Time Warrior: How to defeat procrastination, people-pleasing, self-doubt, over-commitment, broken promises and chaos by Chandler Steve

Time Warrior: How to defeat procrastination, people-pleasing, self-doubt, over-commitment, broken promises and chaos by Chandler Steve

Author:Chandler, Steve [Chandler, Steve]
Language: eng
Format: mobi
Tags: Business, Time Management, Personal Development.
Publisher: Maurice Bassett
Published: 2011-02-13T16:00:00+00:00


Chapter 49

What are the steps I should take to overcome procrastination?

Do the things you’re procrastinating on. Those are the steps I would take.

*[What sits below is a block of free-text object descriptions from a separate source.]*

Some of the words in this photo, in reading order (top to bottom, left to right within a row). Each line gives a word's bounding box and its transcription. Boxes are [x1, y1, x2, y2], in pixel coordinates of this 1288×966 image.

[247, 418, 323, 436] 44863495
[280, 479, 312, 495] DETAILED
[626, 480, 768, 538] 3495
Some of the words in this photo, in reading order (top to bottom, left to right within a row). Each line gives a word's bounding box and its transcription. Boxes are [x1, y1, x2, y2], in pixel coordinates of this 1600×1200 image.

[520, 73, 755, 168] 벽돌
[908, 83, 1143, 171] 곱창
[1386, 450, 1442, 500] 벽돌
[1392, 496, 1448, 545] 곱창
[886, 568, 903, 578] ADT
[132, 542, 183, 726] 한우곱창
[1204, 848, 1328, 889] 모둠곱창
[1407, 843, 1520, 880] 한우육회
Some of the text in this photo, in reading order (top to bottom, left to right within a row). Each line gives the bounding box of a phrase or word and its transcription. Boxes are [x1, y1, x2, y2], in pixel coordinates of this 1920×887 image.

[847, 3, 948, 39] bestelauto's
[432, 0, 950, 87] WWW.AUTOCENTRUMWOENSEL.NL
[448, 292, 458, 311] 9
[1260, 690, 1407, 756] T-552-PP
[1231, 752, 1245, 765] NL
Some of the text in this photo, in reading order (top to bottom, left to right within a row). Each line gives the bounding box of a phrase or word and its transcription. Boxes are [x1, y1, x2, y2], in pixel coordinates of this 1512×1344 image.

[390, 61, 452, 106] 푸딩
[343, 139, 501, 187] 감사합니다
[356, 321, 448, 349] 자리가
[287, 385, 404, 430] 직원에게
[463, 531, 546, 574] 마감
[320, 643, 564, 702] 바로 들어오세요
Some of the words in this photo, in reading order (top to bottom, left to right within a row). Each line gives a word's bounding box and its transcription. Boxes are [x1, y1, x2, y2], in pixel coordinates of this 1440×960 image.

List three things you’ve procrastinated on. Do those three things. Those three things will be your first three steps. If you really want real steps that will always work in a guaranteed way.

Why didn’t you do these things before now? Why do you care? I don’t care if it was fear, laziness, or because your father never showed you how to do it. I don’t care if it’s a DNA imbalance on the right side of your spiral nebula.

I don’t care about anything like that.

If procrastination is occurring, do the things you are procrastinating on. It’s a very simple cure and it’s the last thing people really want to do because they don’t really want to cure procrastination. They want to find some mysterious psychotic fault line in themselves that causes them to procrastinate and then try to examine that fault line (even if it takes years) rather than do the thing.

Emerson has written many wonderful essays on this and one of the things he said is “Do the thing and you shall have the power.” That’s the opposite of what most people think. They think, “I don’t seem to have the power to do the thing! That’s my problem. I don’t really have the willpower or the energy to DO THE THING!”

Well, OK, if you’re a procrastinator on mowing the lawn or shoveling the walk, go do it. Then do it again, and do it again, and I promise you the procrastination will go away.

In his very poetic autobiography, Speak, Memory, Vladimir Nabokov wrote about his experience of life. He realized that true spiritual enlightenment came not in a passive dreamy state, but rather during the most intense action. People believe somehow that passivity and repose are the sources of vision. But Nabokov said no, “It is certainly not then—not in dreams—but when one is wide awake, at moments of robust joy and achievement, on the highest terrace of consciousness, that mortality has a chance to peer beyond its own limits.”